Exercise description - Only the text of the records belongs in the answer, copied exactly and without pictures.

Entries supplied -

<<<<

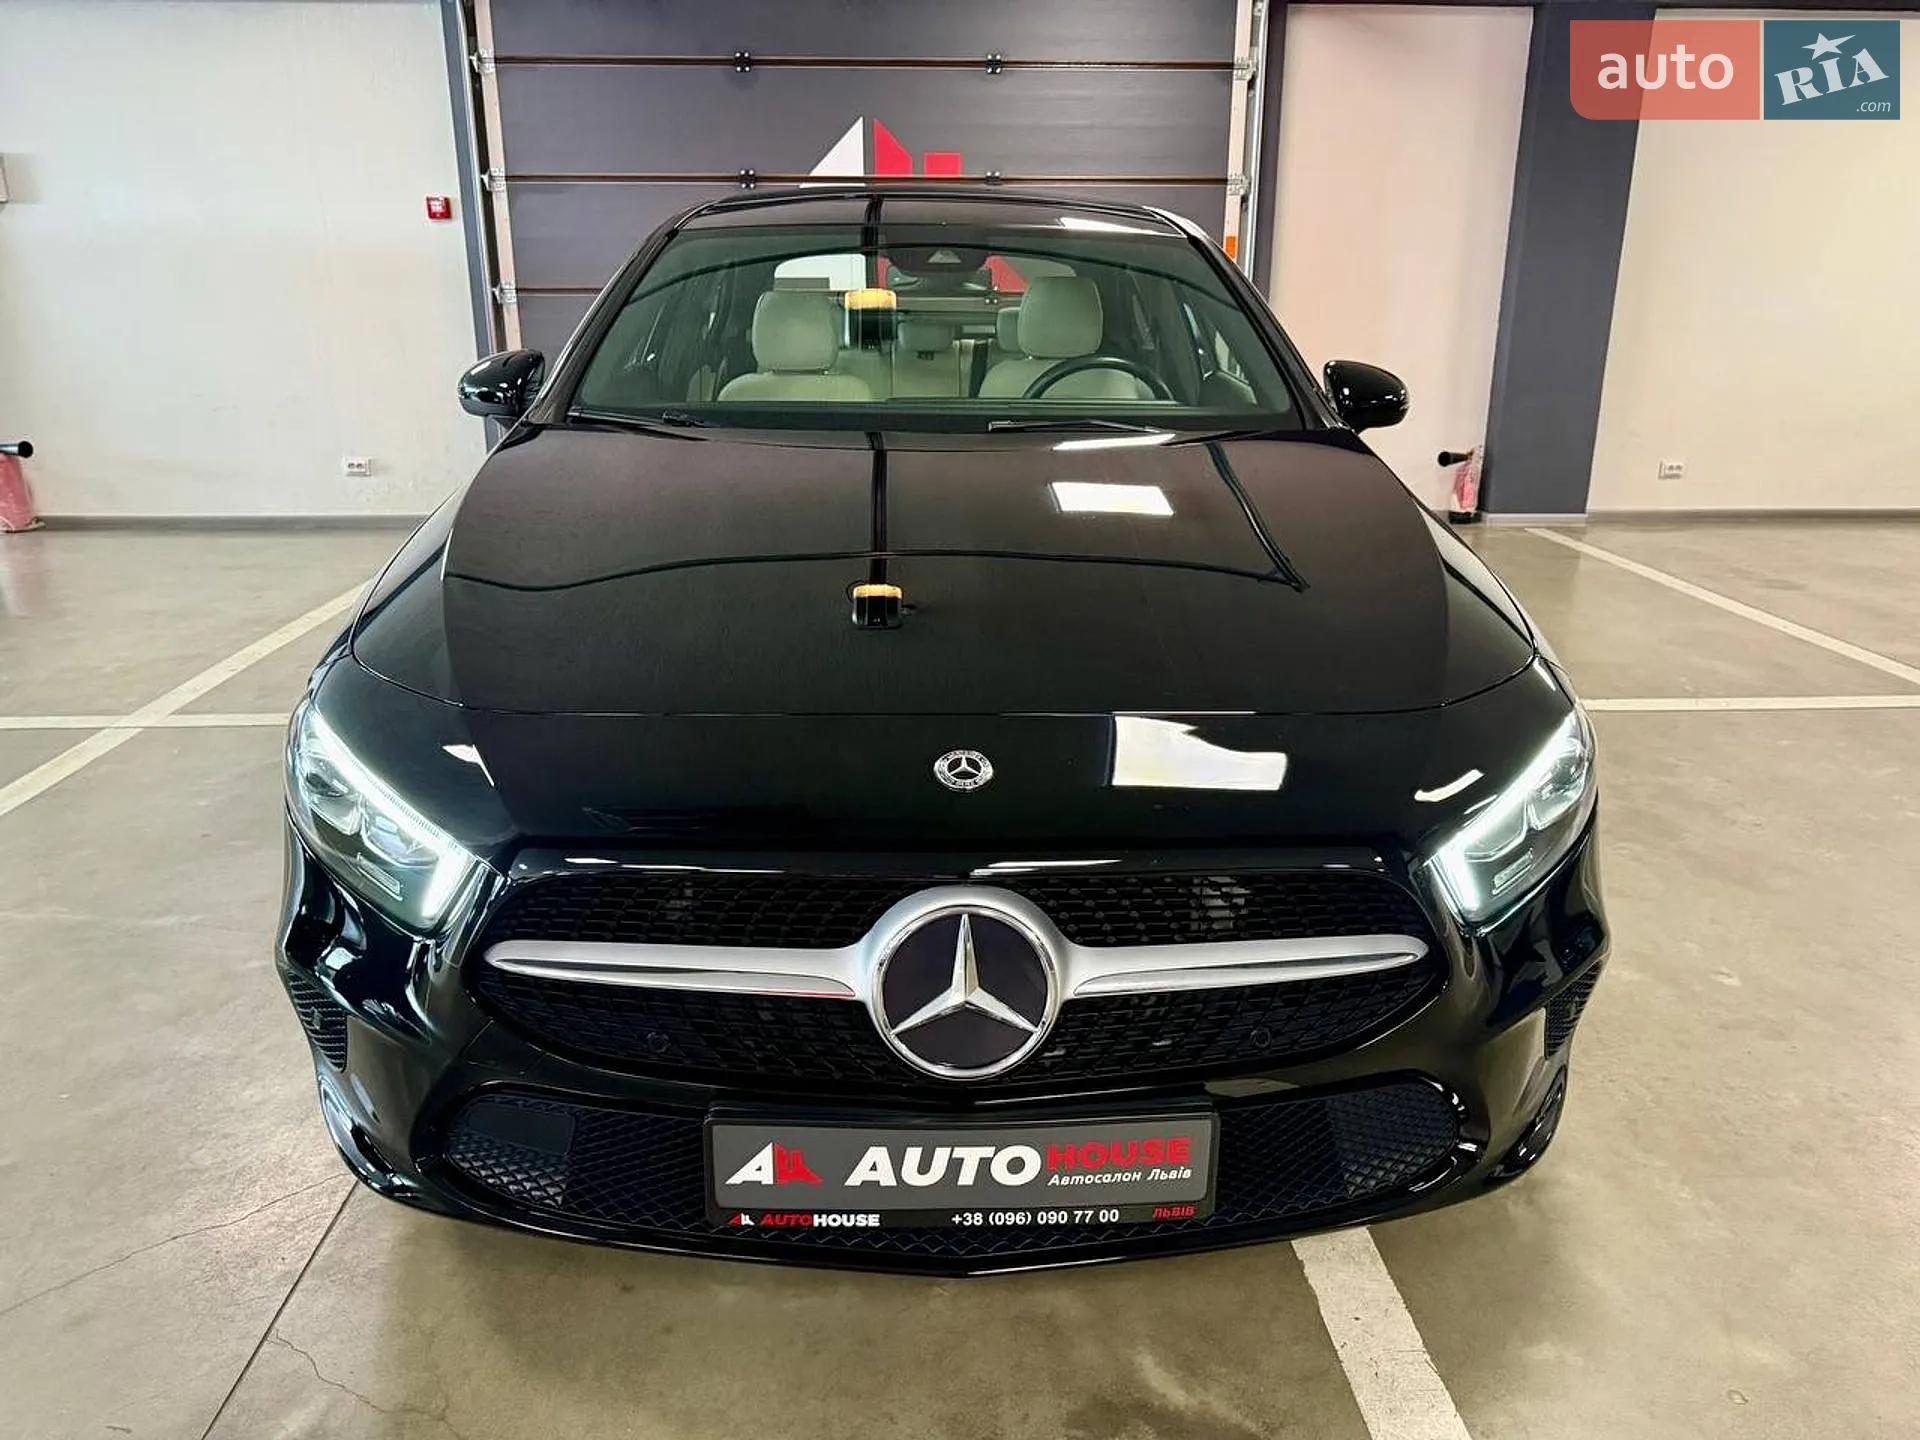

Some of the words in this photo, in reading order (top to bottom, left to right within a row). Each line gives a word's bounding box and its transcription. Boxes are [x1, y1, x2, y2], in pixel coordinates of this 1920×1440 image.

[843, 1145, 1042, 1187] AUTO
[1046, 1137, 1193, 1172] HOUSE
[1047, 1172, 1143, 1186] Автосалон
[1147, 1166, 1193, 1181] Львів
[761, 1213, 881, 1227] AUTOHOUSE
[951, 1211, 984, 1226] +38
[988, 1211, 1032, 1225] (096)
[1037, 1210, 1068, 1224] 090
[1073, 1210, 1095, 1224] 77
[1099, 1208, 1120, 1223] 00
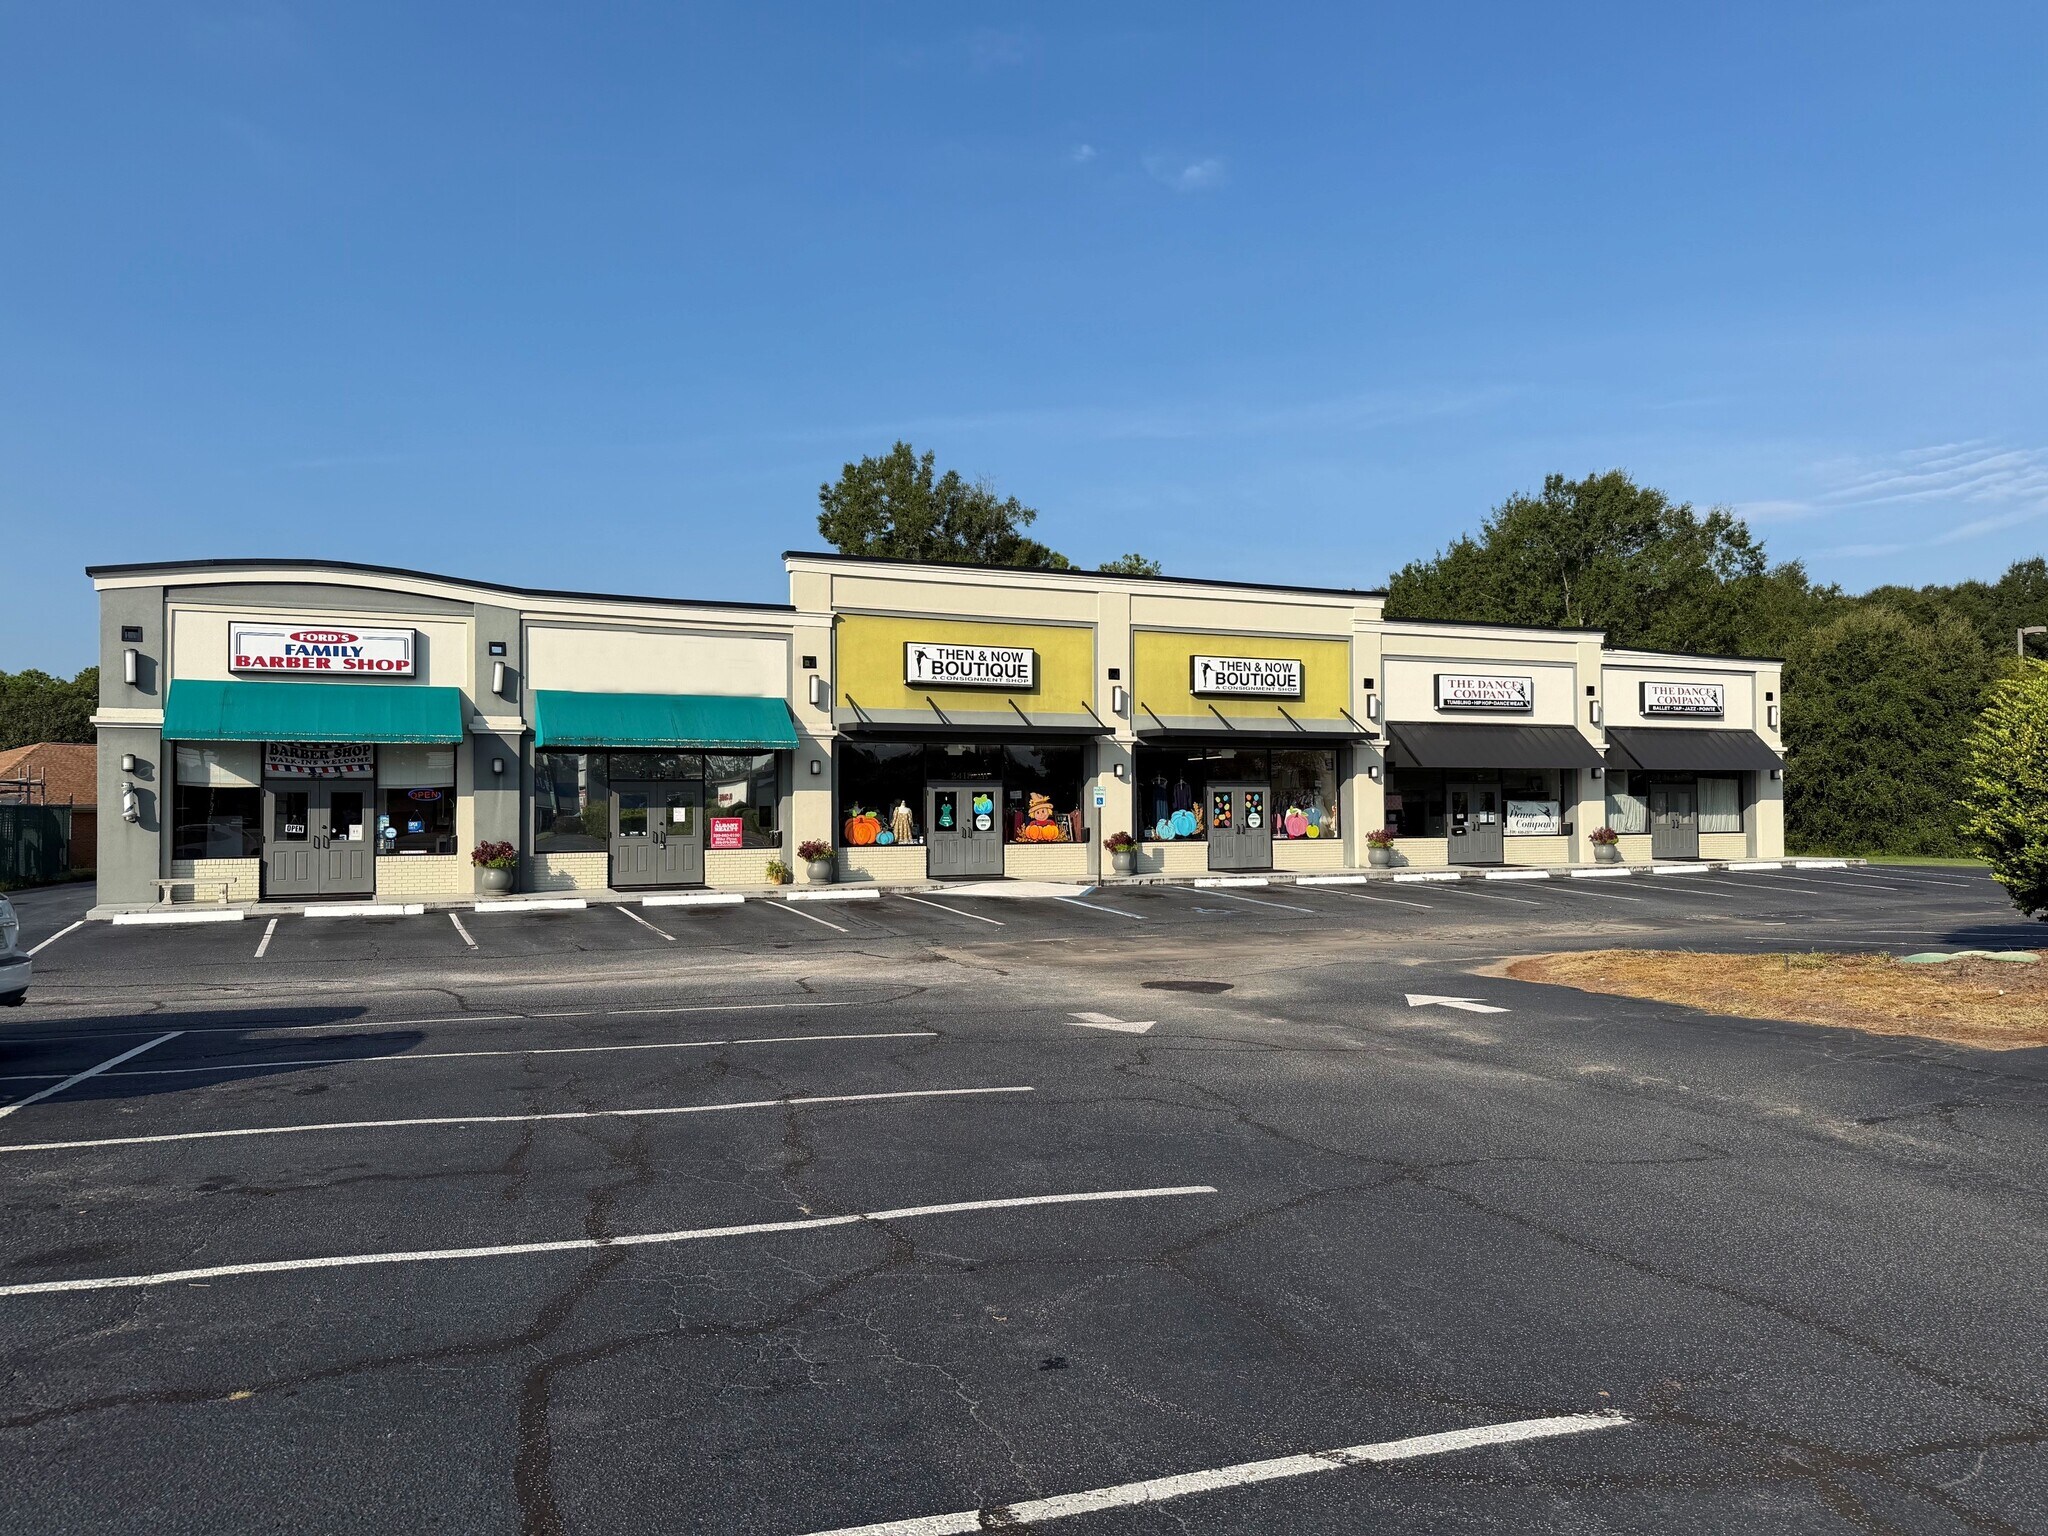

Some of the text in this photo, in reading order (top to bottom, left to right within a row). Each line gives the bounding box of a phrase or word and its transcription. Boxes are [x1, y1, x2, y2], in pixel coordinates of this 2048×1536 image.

[299, 632, 350, 643] FORD'S
[285, 644, 363, 657] FAMILY
[936, 648, 1024, 662] THEN & NOW
[235, 655, 410, 671] BARBER SHOP
[1219, 661, 1293, 673] THEN & NOW
[931, 660, 1028, 678] BOUTIQUE
[940, 675, 1003, 683] CONSIGNMENT
[1215, 672, 1297, 687] BOUTIQUE
[1447, 679, 1519, 689] THE DANCE
[1453, 689, 1513, 699] COMPANY
[1652, 686, 1712, 695] THE DANCE
[1657, 696, 1707, 705] COMPANY
[269, 743, 371, 760] BARBER SHOP
[270, 756, 370, 765] WALK-INS WELCOME
[411, 791, 438, 799] OPEN
[1509, 809, 1537, 818] Dance
[286, 824, 304, 833] OPEN
[1516, 820, 1556, 830] Company

>>>>

The answer -
Some of the words in this photo, in reading order (top to bottom, left to right within a row). Each line gives a word's bounding box and its transcription. Boxes are [x1, y1, x2, y2], in pixel coordinates of this 1920×1440 image.

[843, 1145, 1042, 1187] AUTO
[1046, 1137, 1193, 1172] HOUSE
[1047, 1172, 1143, 1186] Автосалон
[1147, 1166, 1193, 1181] Львів
[761, 1213, 881, 1227] AUTOHOUSE
[951, 1211, 984, 1226] +38
[988, 1211, 1032, 1225] (096)
[1037, 1210, 1068, 1224] 090
[1073, 1210, 1095, 1224] 77
[1099, 1208, 1120, 1223] 00

Some of the text in this photo, in reading order (top to bottom, left to right within a row). Each line gives the bounding box of a phrase or word and its transcription. Boxes are [x1, y1, x2, y2], in pixel coordinates of this 2048×1536 image.

[299, 632, 350, 643] FORD'S
[285, 644, 363, 657] FAMILY
[936, 648, 1024, 662] THEN & NOW
[235, 655, 410, 671] BARBER SHOP
[1219, 661, 1293, 673] THEN & NOW
[931, 660, 1028, 678] BOUTIQUE
[940, 675, 1003, 683] CONSIGNMENT
[1215, 672, 1297, 687] BOUTIQUE
[1447, 679, 1519, 689] THE DANCE
[1453, 689, 1513, 699] COMPANY
[1652, 686, 1712, 695] THE DANCE
[1657, 696, 1707, 705] COMPANY
[269, 743, 371, 760] BARBER SHOP
[270, 756, 370, 765] WALK-INS WELCOME
[411, 791, 438, 799] OPEN
[1509, 809, 1537, 818] Dance
[286, 824, 304, 833] OPEN
[1516, 820, 1556, 830] Company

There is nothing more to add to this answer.